Lin was standing at the mic talking to the media when Yin drained the winning putt.

“It’s amazing,” said Lin. “She’s young, and she’s so talented. She’s definitely really good at dealing with pressure.”

Yin rents Lin’s second home in Orlando, Florida. Lin joked earlier in the week that she thought about raising the rent after Yin won on the LPGA earlier this season. When Yin was asked after her victory if she thought rent might go up after that $1.5 million winner’s paycheck, Yin said: “Actually, I’m thinking about buying her house right now.”

The interview room erupted in laughter.

While Yin was the one lifting the trophy by day’s end, another 20-year-old in the field, Rose Zhang, certainly generated great buzz on Sunday. The former Stanford star, who won in her professional debut on the LPGA earlier this month, trailed by one stroke on the back nine but ultimately finished three shots back in a share of eighth.

“It was definitely very tense,” said Zhang. “I felt a lot of energy from the crowds.”

Yin turned professional in 2020 and set a record when she won her first three consecutive tournaments on the China LPGA Tour. She earned her LPGA card at 2021 Q-Series.

Since coming to the U.S., Yin said her English has improved significantly and her game is more mature. She used to fire at the pin on every hole and now has a more strategic approach.

She also has a new caddie in Jon Lehman, a veteran Korn Ferry Tour looper who recently reached out to some friends who worked on the LPGA to see what jobs might be available. Lehman’s text came through about 20 minutes after Yin let her previous caddie go. They started out together at the ShopRite LPGA Classic, then Lehman came out to Baltusrol the following week for a preview.

“I kind of had a feeling when I was walking it the first time, this is right up her alley,” said Lehman, “a ball-striker’s course.”

This marked Lehman’s first time caddying in a major championship. He tried to keep his player patient when the putts weren’t falling early in the round. Yin had five three-putts on the week but played Sunday bogey-free.

“He knows the course very well,” said Yin. “Like especially on the greens. He just knows every part of the green.
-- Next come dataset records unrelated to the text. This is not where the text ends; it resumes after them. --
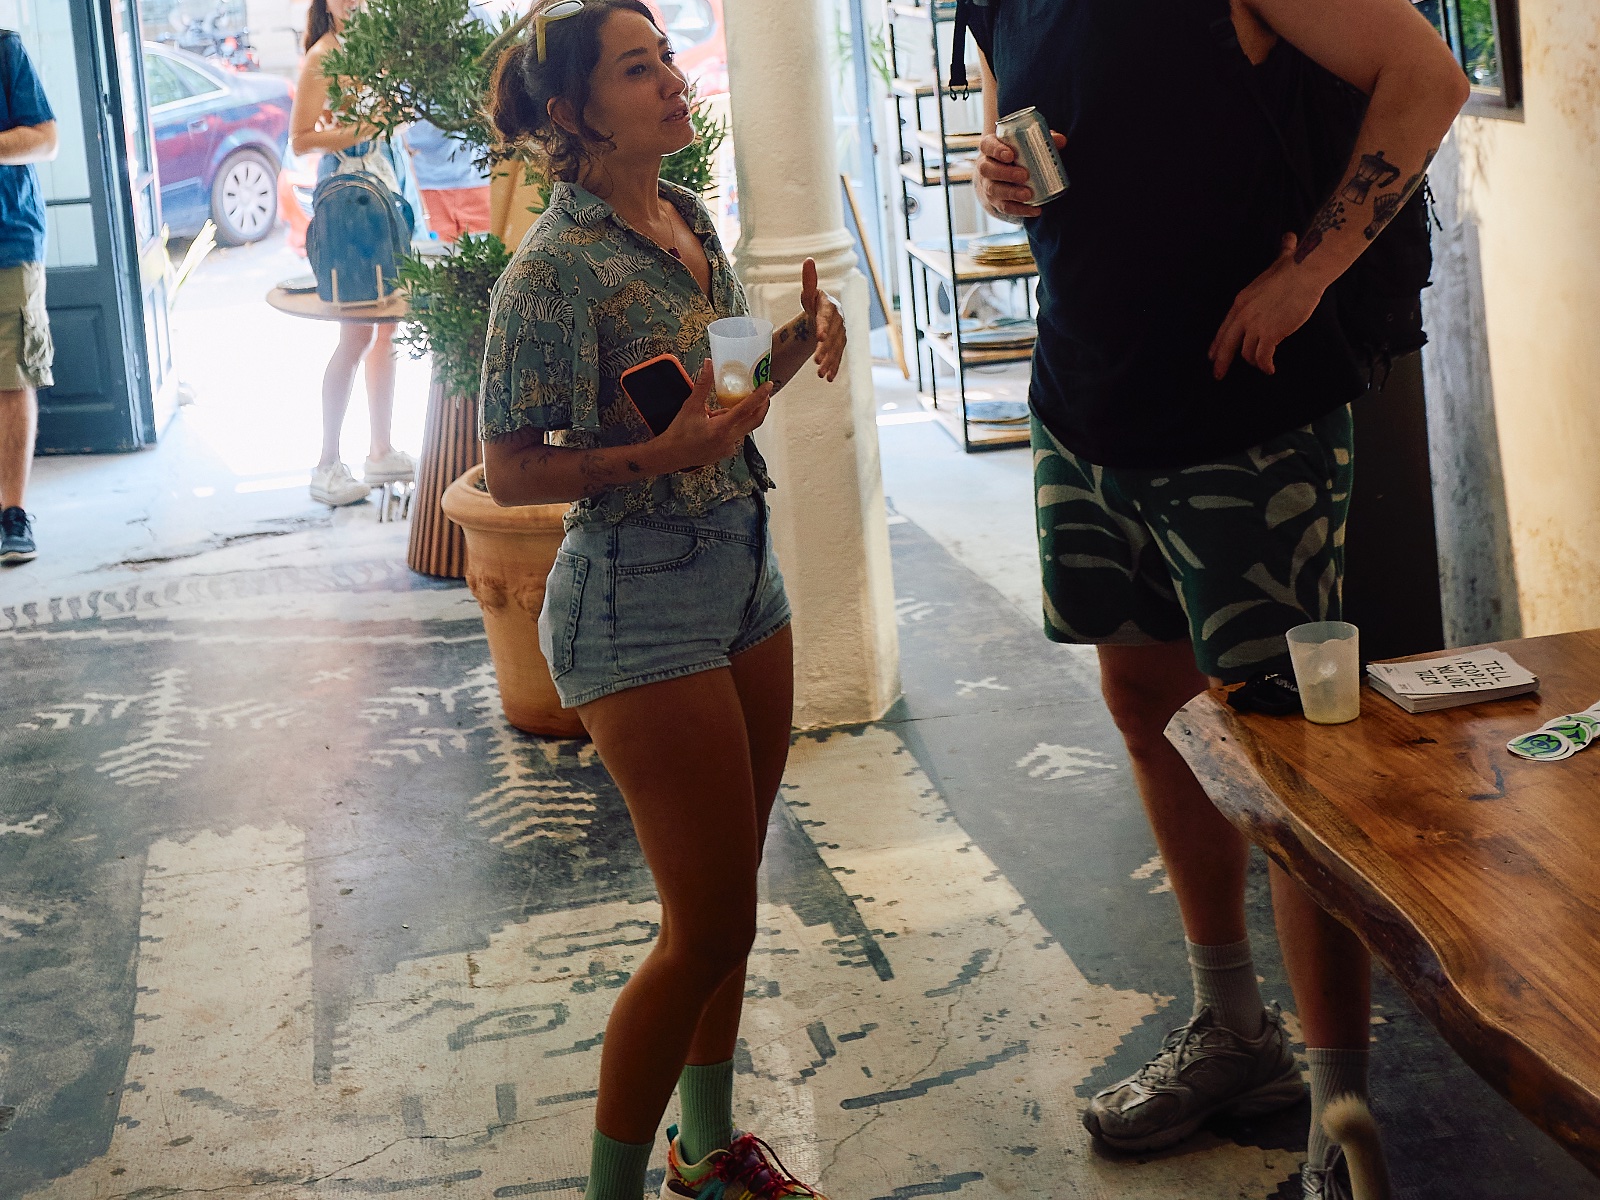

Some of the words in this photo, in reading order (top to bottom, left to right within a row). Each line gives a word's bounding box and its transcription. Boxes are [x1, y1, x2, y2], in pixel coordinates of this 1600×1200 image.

[1415, 669, 1443, 686] THEM
[1455, 661, 1494, 688] PEOPLE
[1481, 660, 1512, 682] TELL
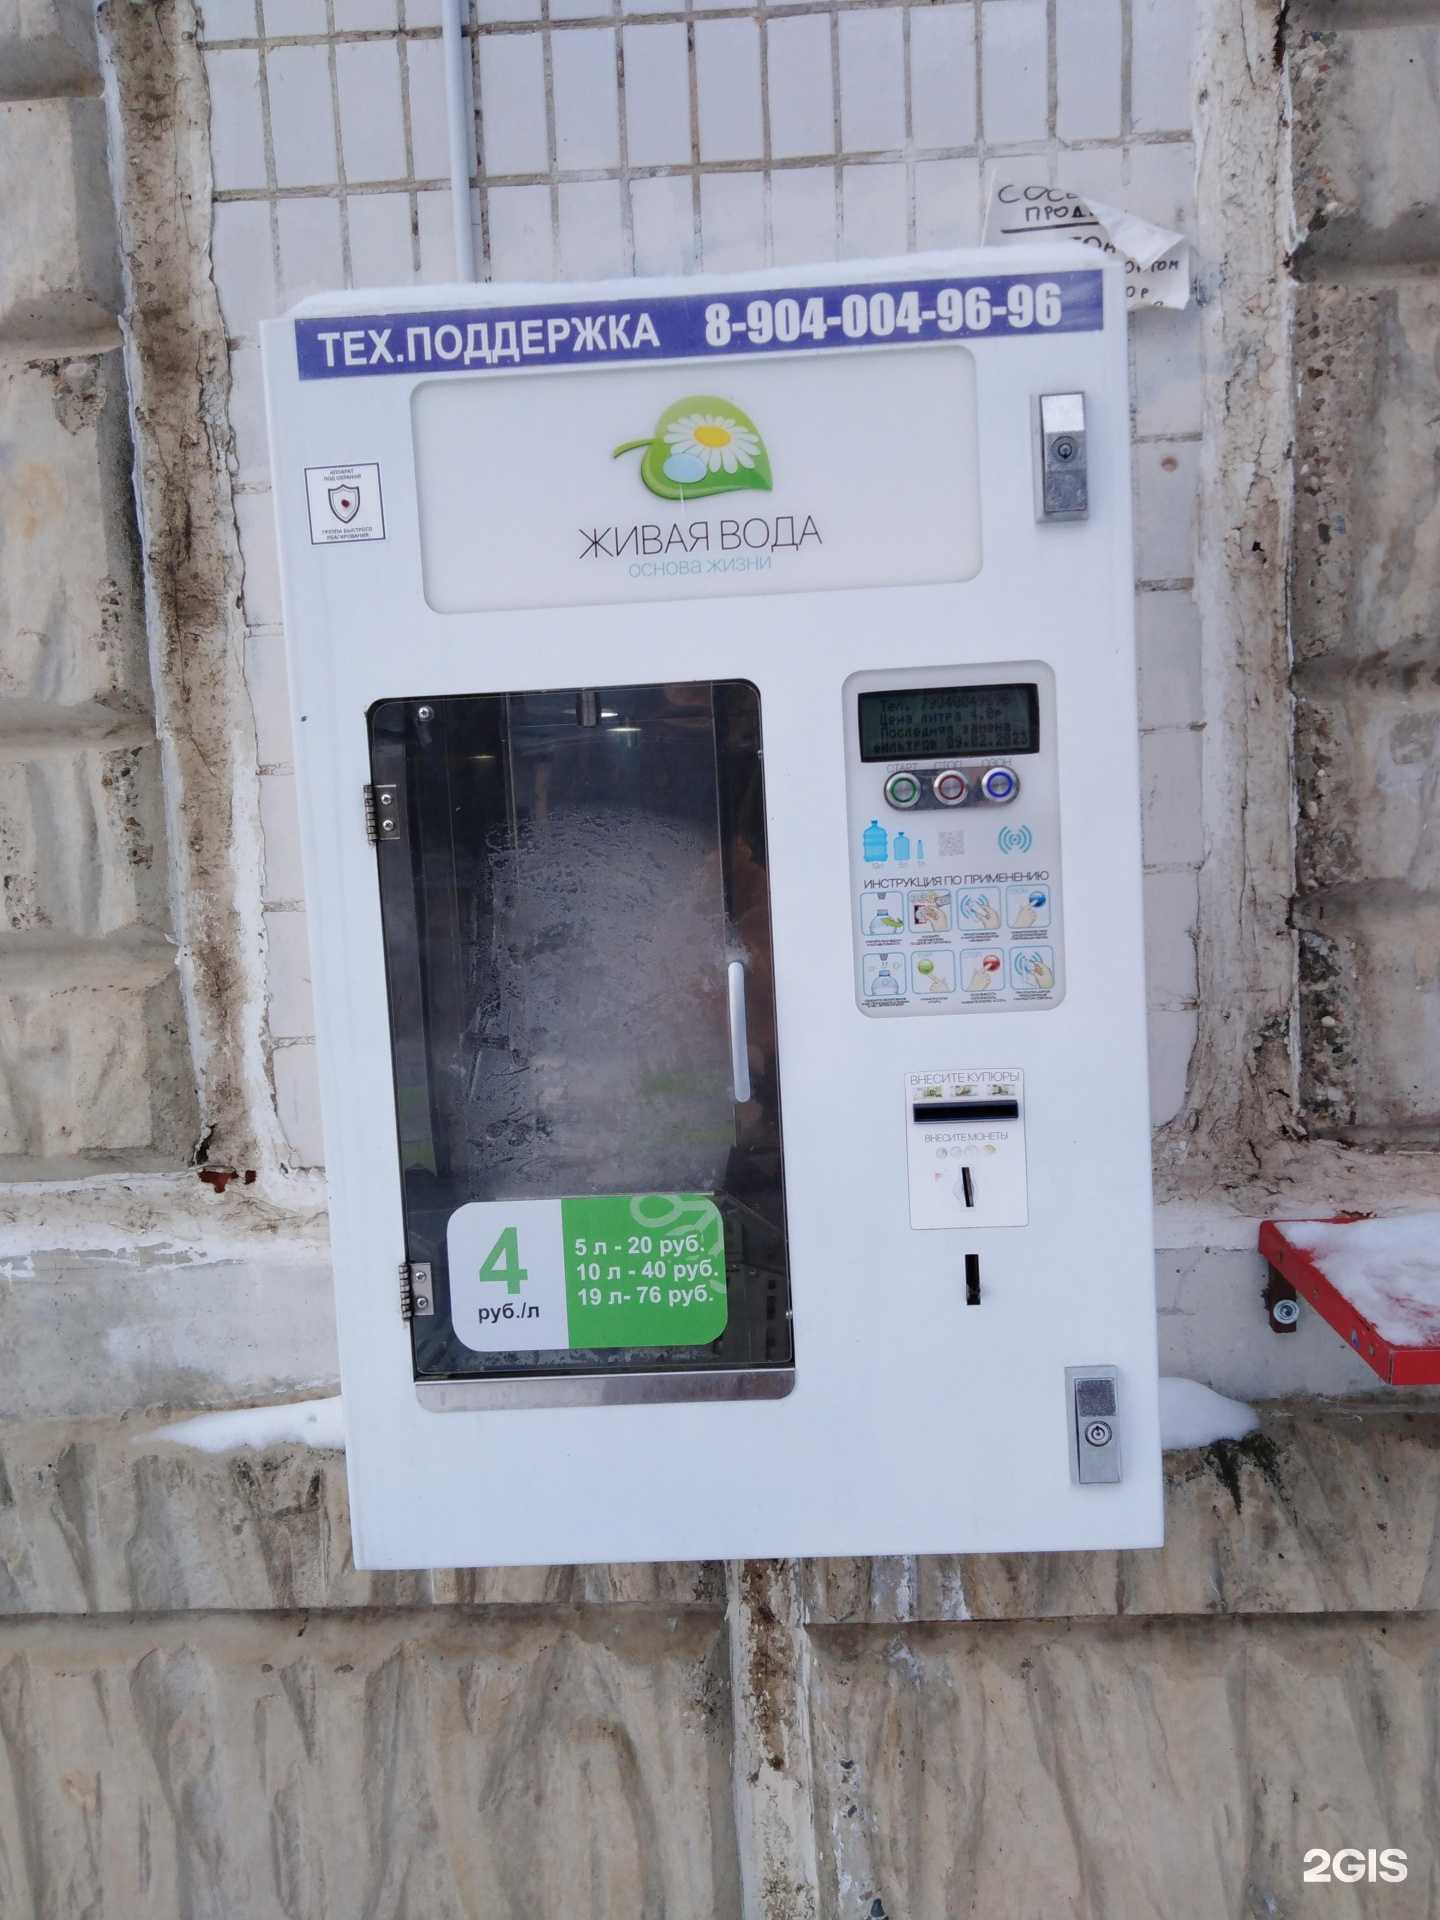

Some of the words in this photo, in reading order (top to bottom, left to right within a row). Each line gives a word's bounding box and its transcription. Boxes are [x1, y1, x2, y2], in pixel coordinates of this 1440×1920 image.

[318, 312, 661, 367] ТЕХ.ПОДДЕРЖКА
[705, 282, 1062, 347] 8-904-004-96-96
[579, 521, 709, 559] ЖИВАЯ
[720, 515, 823, 552] ВОДА
[864, 876, 943, 889] ИНСТРУКЦИЯ
[944, 875, 962, 886] ПО
[964, 871, 1050, 884] ПРИМЕНЕНИЮ
[910, 1073, 966, 1085] ВНЕСИТЕ
[968, 1071, 1019, 1083] КУПЮРЫ
[924, 1133, 967, 1143] ВНЕСИТЕ
[967, 1131, 1008, 1142] МОНЕТЫ
[575, 1238, 587, 1256] 5
[593, 1242, 607, 1256] л
[628, 1236, 652, 1255] 20
[659, 1234, 705, 1258] руб.
[479, 1226, 528, 1294] 4
[577, 1262, 600, 1280] 10
[607, 1266, 621, 1280] л
[641, 1261, 666, 1278] 40
[673, 1259, 719, 1282] руб.
[578, 1288, 601, 1305] 19
[636, 1286, 661, 1304] 76
[668, 1284, 714, 1307] руб.
[478, 1302, 540, 1324] руб./л
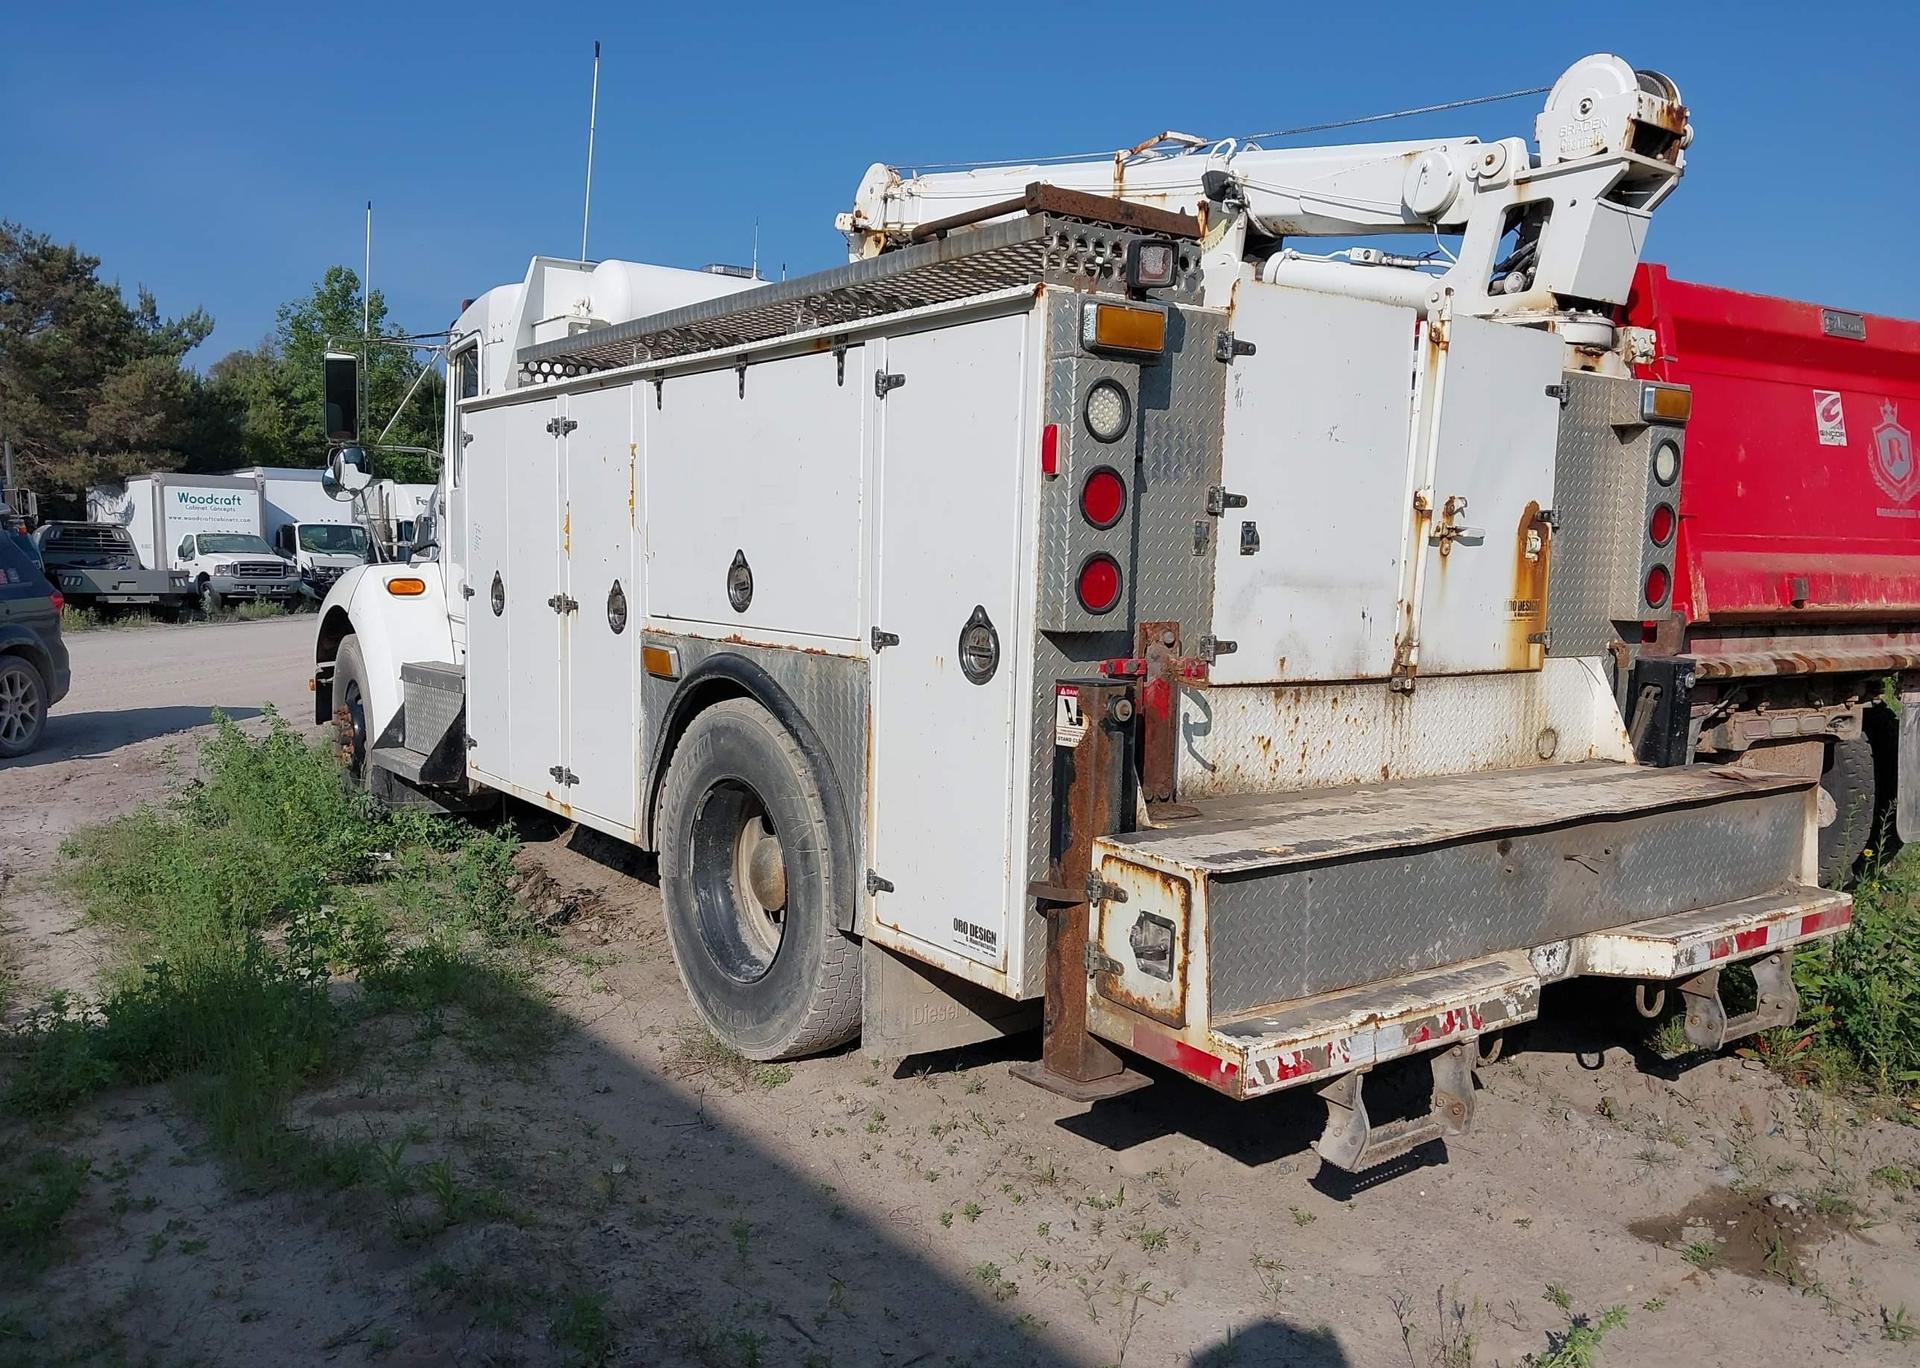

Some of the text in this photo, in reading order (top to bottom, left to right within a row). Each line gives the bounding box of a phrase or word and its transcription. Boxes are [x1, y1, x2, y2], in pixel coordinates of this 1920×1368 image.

[1559, 119, 1608, 138] BRADEN
[177, 491, 242, 506] Woodcraft
[209, 505, 236, 513] Concepts
[1066, 688, 1079, 696] DAN
[953, 917, 997, 946] ORO DESIGN
[913, 1002, 960, 1026] Diesel
“We start, I think our first tournament at ShopRite, I just read my greens by myself, and this week he just told me he’s really good at reading. I was like, OK, let’s see. Yeah, he’s amazing.”

Yin joins a list of past champions at Baltusrol that includes Hall of Famers Jack Nicklaus, Phil Mickelson and Mickey Wright. She got goosebumps just listening to her name being mentioned among those greats.

After one week off, Yin returns to action at the U.S. Women’s Open at Pebble Beach, where a women’s major will be contested at the iconic track for the first time. Yin played there once at age 12 during a winter camp. All she remembers is that the rough was thick, and she shot 88.

While Yin was too young to play alongside the trailblazing Feng, she said the 10-time LPGA winner and former No. 1 is the person who has inspired her the most.

“I would say,” said Yin, “she’s definitely the goal that I’m chasing.”